Scientists at the University of East Anglia are getting closer to solving the problem of antibiotic resistance. New research published today in the journal Nature reveals the mechanism by which drug-resistant bacterial cells maintain a defensive barrier.
The findings pave the way for a new wave of drugs that kill superbugs by bringing down their defensive walls rather than attacking the bacteria itself. It means that in future, bacteria may not develop drug-resistance at all.
The team, supported by the Wellcome Trust, used Diamond Light Source, one of the world’s most advanced scientific machines, to investigate a class of bacteria called ‘Gram-negative bacteria’.
Gram-negative bacteria is particularly resistant to antibiotics because of its cells’ impermeable lipid-based outer membrane. The research team previously found an ‘Achilles heel’ in this defensive barrier. But exactly how this defensive cell wall is built and maintained – the ‘assembly machinery’ – was unknown until now.

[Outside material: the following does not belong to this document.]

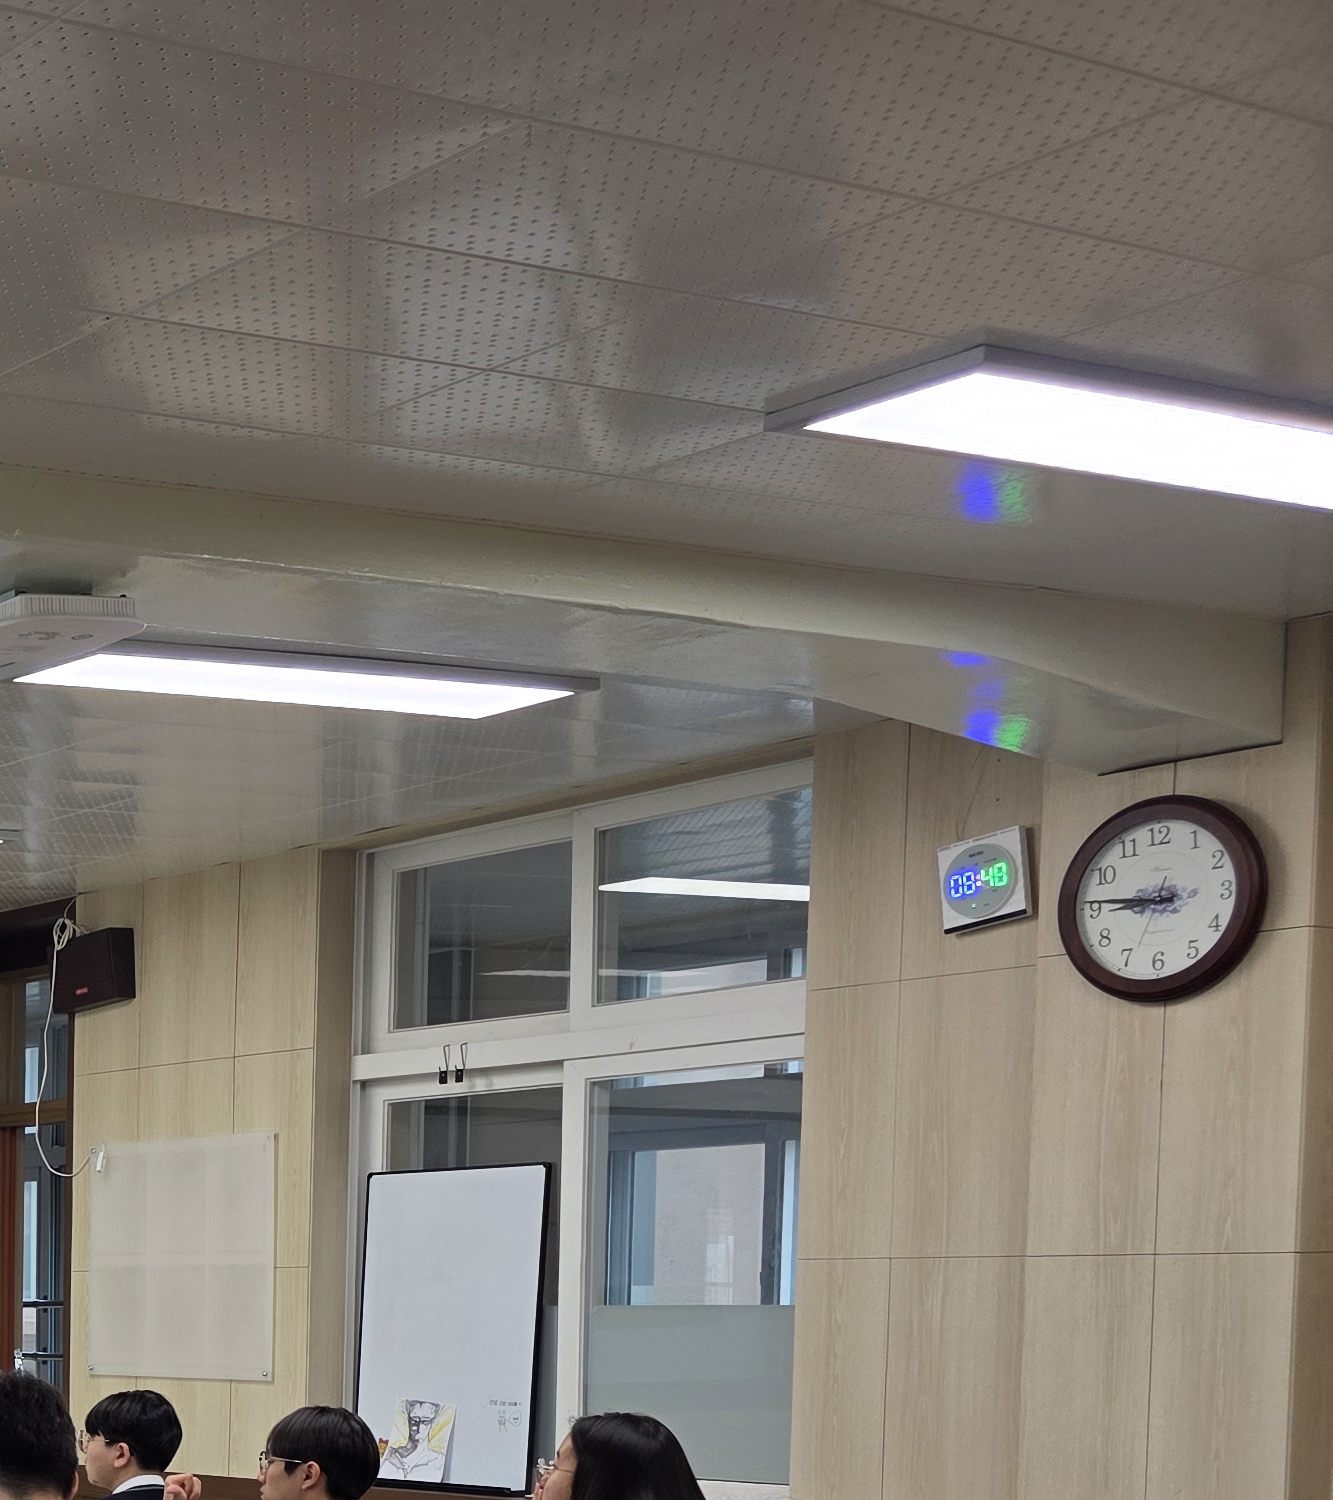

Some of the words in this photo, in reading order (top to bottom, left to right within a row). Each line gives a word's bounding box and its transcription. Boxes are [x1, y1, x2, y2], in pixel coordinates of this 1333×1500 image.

Lead researcher Prof Changjiang Dong, from UEA’s Norwich Medical School, said: “All Gram-negative bacteria have a defensive cell wall. Beta-barrel proteins form the gates of the cell wall for importing nutrition and secreting important biological molecules. The beta-barrel assembly machinery (BAM) is responsible for building the gates (beta-barrel proteins) in the cell wall. Stopping the beta-barrel assembly machine from building the gates in the cell wall cause the bacteria to die.”

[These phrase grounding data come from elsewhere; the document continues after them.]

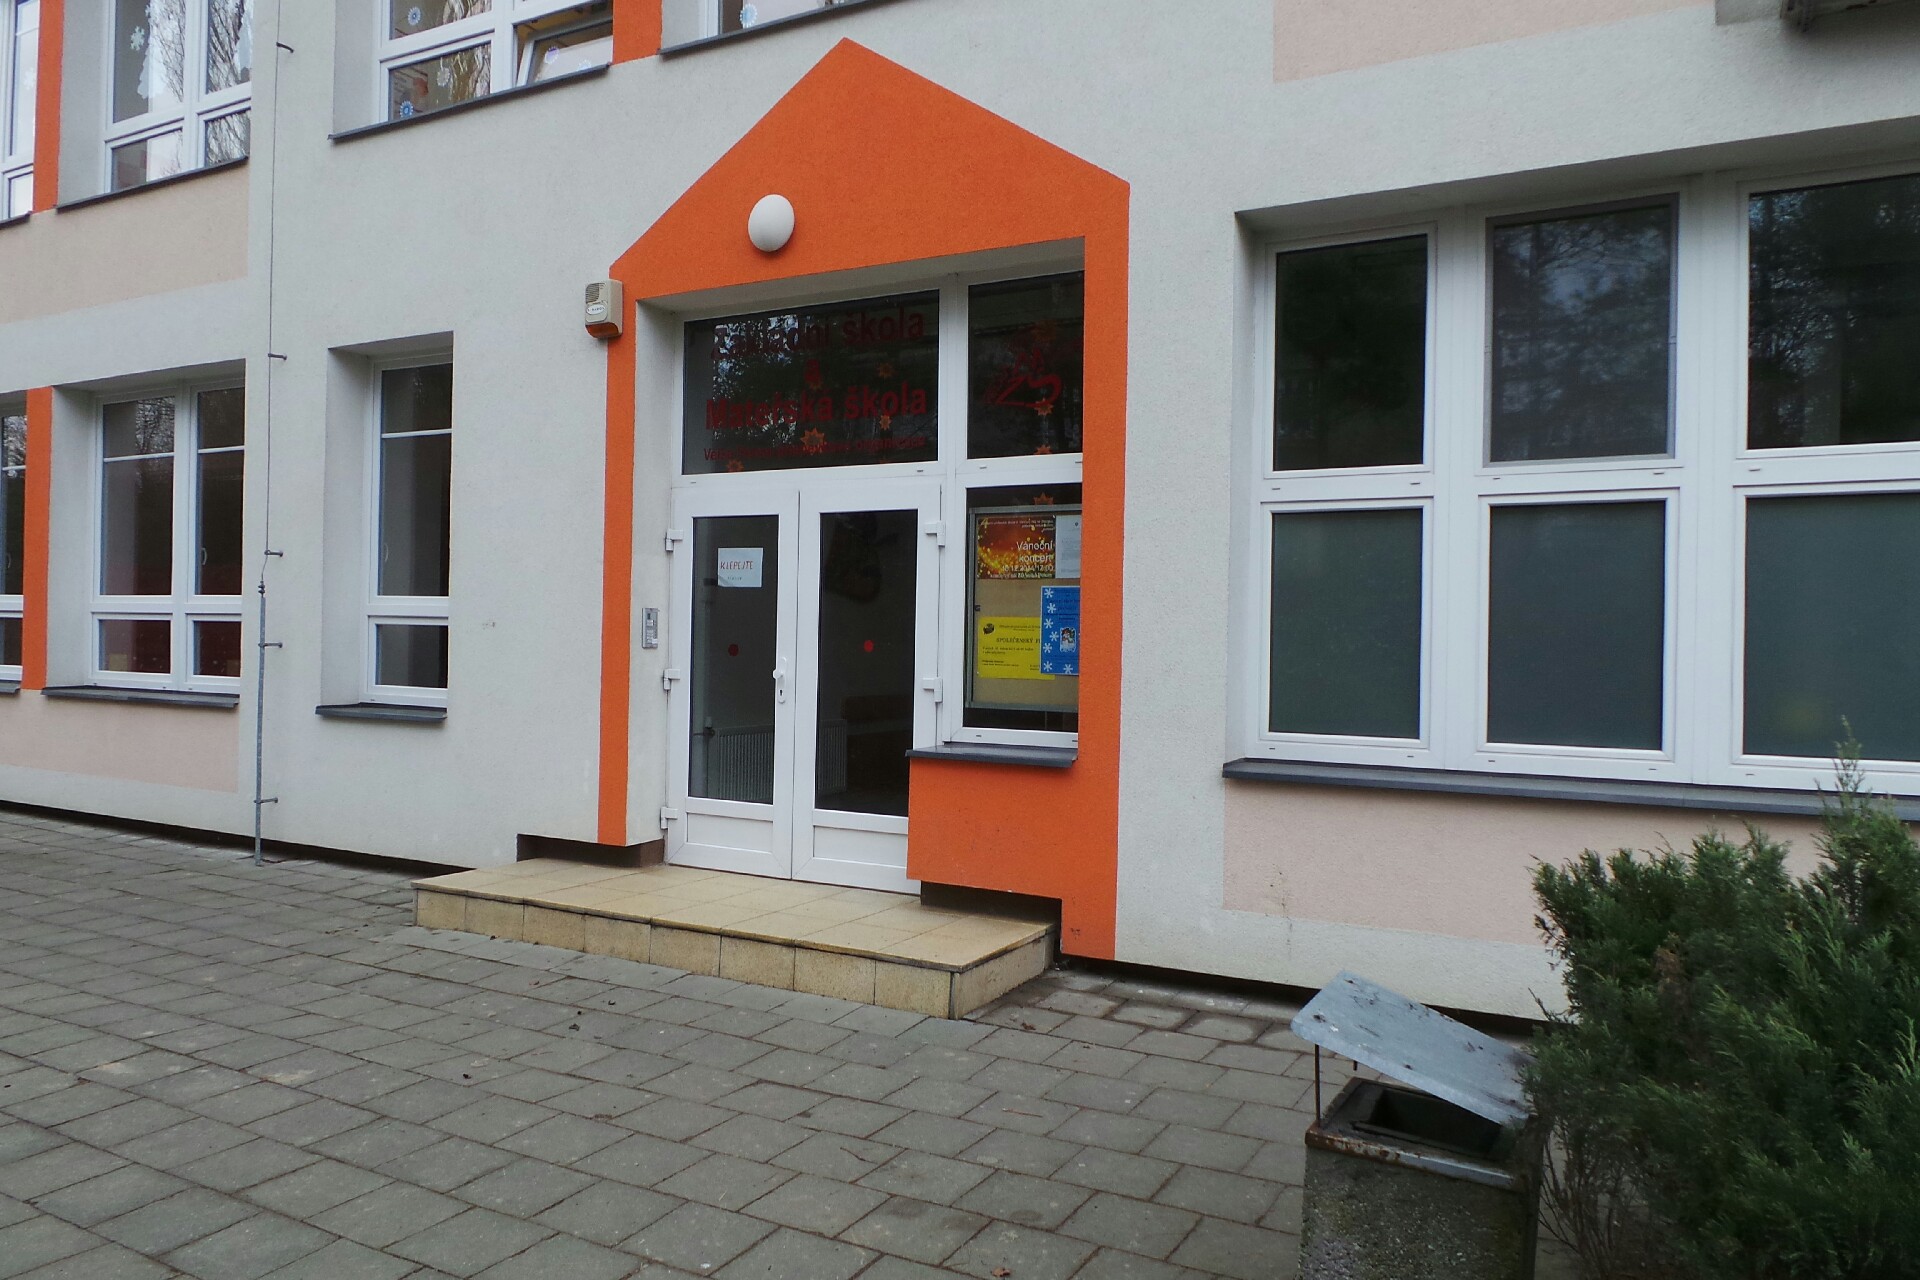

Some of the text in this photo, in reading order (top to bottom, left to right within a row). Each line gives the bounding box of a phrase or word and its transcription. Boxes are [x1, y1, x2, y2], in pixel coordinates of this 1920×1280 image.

[843, 306, 925, 346] škola
[804, 359, 821, 383] a
[706, 380, 928, 430] Mateřská škola
[1016, 540, 1053, 551] Vánoční
[1018, 554, 1053, 563] koncert

Scientists studied the gram-negative bacteria E.coli, in which the beta-barrel assembly machinery contains five subunits – known as BamA, BamB, BamC, BamD and BamE. They wanted to know exactly how these subunits work together to insert the outer membrane proteins into the outer membrane or cell wall.
Prof Dong said: “Our research shows the whole beta-barrel assembly machinery structures in two states – the starting and finishing states. We found that the five subunits form a ring structure and work together to perform outer membrane protein insertion using a novel rotation and insertion mechanism.
“Our work is the first to show the entire BAM complex. It paves the way for developing new-generation drugs.
“The beta-barrel assembly machinery is absolutely essential for Gram-negative bacteria to survive. The subunit BamA is located in the outer membrane and exposed to the outer side of the bacteria, which provides a great target for new drugs.”